*** Opening of Record extracts ***

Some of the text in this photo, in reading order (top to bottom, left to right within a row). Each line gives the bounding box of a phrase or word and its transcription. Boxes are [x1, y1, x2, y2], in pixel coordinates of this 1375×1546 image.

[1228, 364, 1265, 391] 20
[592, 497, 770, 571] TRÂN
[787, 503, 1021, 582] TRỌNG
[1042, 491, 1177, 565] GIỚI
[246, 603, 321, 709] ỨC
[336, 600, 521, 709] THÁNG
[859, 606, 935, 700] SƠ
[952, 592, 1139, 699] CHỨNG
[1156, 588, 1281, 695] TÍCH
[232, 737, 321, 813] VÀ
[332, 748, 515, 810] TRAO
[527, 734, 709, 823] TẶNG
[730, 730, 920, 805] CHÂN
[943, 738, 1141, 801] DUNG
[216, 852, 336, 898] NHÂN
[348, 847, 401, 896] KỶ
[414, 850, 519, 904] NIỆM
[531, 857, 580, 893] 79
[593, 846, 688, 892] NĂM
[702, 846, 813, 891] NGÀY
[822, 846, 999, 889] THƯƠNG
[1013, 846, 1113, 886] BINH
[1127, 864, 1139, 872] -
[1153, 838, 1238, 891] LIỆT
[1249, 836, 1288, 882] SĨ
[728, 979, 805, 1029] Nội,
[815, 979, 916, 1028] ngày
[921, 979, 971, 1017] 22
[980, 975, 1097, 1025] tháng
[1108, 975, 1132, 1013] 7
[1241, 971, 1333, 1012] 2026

*** Close of Record extracts ***

What is required :: Without altering a single word, repeat the material.

Answer to this problem ::
Some of the text in this photo, in reading order (top to bottom, left to right within a row). Each line gives the bounding box of a phrase or word and its transcription. Boxes are [x1, y1, x2, y2], in pixel coordinates of this 1375×1546 image.

[1228, 364, 1265, 391] 20
[592, 497, 770, 571] TRÂN
[787, 503, 1021, 582] TRỌNG
[1042, 491, 1177, 565] GIỚI
[246, 603, 321, 709] ỨC
[336, 600, 521, 709] THÁNG
[859, 606, 935, 700] SƠ
[952, 592, 1139, 699] CHỨNG
[1156, 588, 1281, 695] TÍCH
[232, 737, 321, 813] VÀ
[332, 748, 515, 810] TRAO
[527, 734, 709, 823] TẶNG
[730, 730, 920, 805] CHÂN
[943, 738, 1141, 801] DUNG
[216, 852, 336, 898] NHÂN
[348, 847, 401, 896] KỶ
[414, 850, 519, 904] NIỆM
[531, 857, 580, 893] 79
[593, 846, 688, 892] NĂM
[702, 846, 813, 891] NGÀY
[822, 846, 999, 889] THƯƠNG
[1013, 846, 1113, 886] BINH
[1127, 864, 1139, 872] -
[1153, 838, 1238, 891] LIỆT
[1249, 836, 1288, 882] SĨ
[728, 979, 805, 1029] Nội,
[815, 979, 916, 1028] ngày
[921, 979, 971, 1017] 22
[980, 975, 1097, 1025] tháng
[1108, 975, 1132, 1013] 7
[1241, 971, 1333, 1012] 2026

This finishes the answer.